Sawyer was so sick one time “that he wished one of his friends would shoot him and put him out of his misery …. After a short conversation, one of them got up, glanced at his rifle and said, ‘Well, Britton, I can shoot you any time now.’ Britton looked up from his sick bed and drawled weakly, ‘I’m a LEETLE BETTER.’”

While in Arkansas visiting his brother, Sawyer shot an eagle from a considerable distance. According to Edwards, “On his return he told a group of friends, ‘At twelve o’clock one day, I saw a tiny speck right up against the sun …. I got my rifle and took dead aim and fired. And the next day at exactly twelve o’clock, the biggest eagle I ever saw fell in the front yard.’”

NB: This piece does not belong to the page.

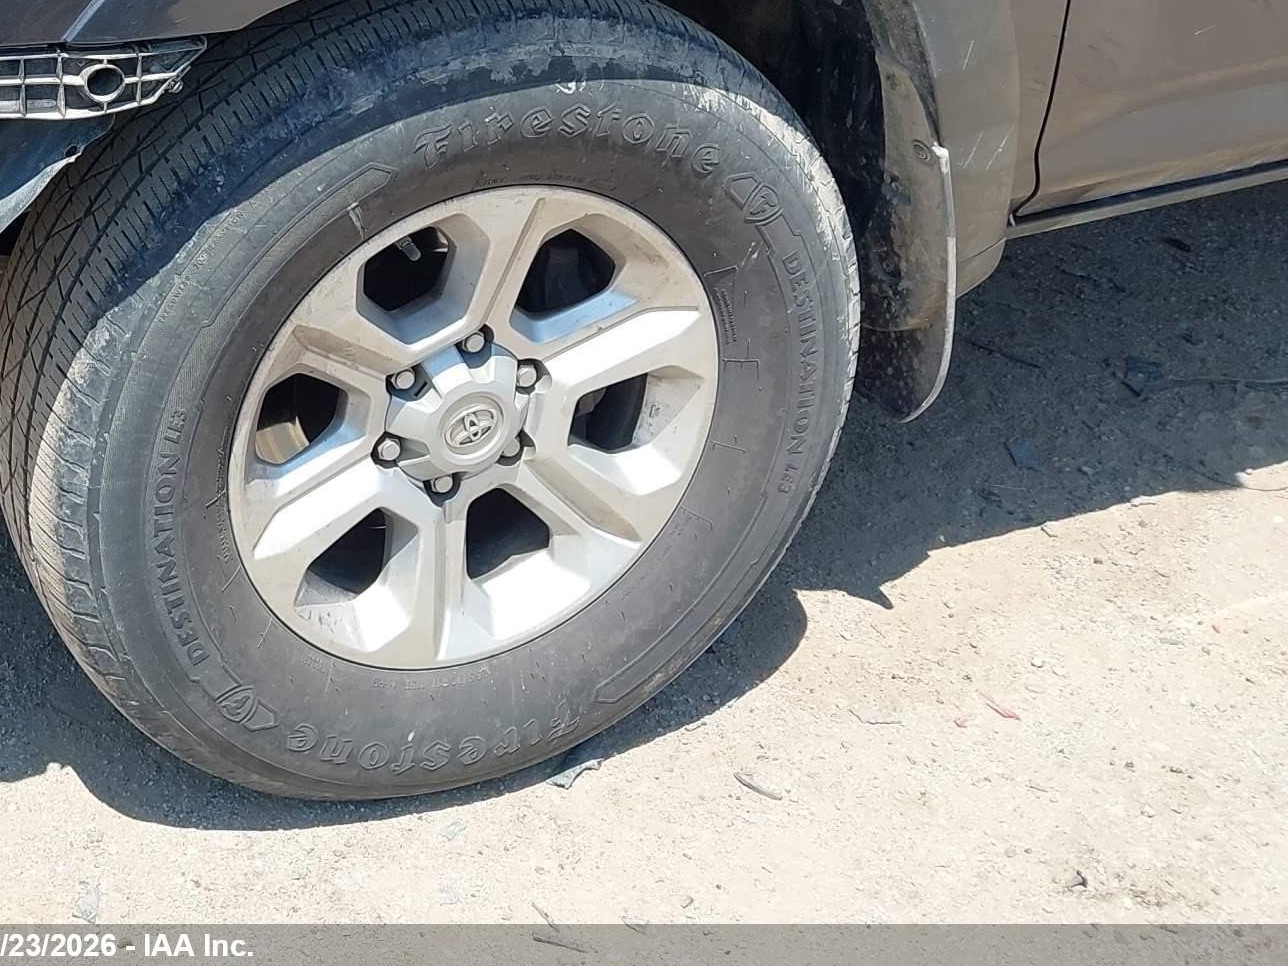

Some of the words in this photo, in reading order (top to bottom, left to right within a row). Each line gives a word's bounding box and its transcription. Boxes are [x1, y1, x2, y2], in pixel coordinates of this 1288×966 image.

While visiting the Gulf Coast one time, Sawyer decided to catch a big fish. He commissioned a local blacksmith to construct a huge hook to which he attached a beef head for bait. How big was the fish he caught with this outsized rig? According to Edwards, Sawyer modestly observed:“‘When I landed the fish, the level of the water in the Gulf of Mexico sank three feet.’”

George Ellison wrote the biographical introductions for the reissues of two Appalachian classics: Horace Kephart’s Our Southern Highlanders and James Mooney’s History, Myths, and Sacred Formulas of the Cherokees. In June 2005, a selection of his Back Then columns was published by The History Press in Charleston as Mountain Passages: Natural and Cultural History of Western North Carolina and the Great Smoky Mountains. Readers can contact him at P.O. Box 1262, Bryson City, N.C., 28713, or at This email address is being protected from spambots. You need JavaScript enabled to view it..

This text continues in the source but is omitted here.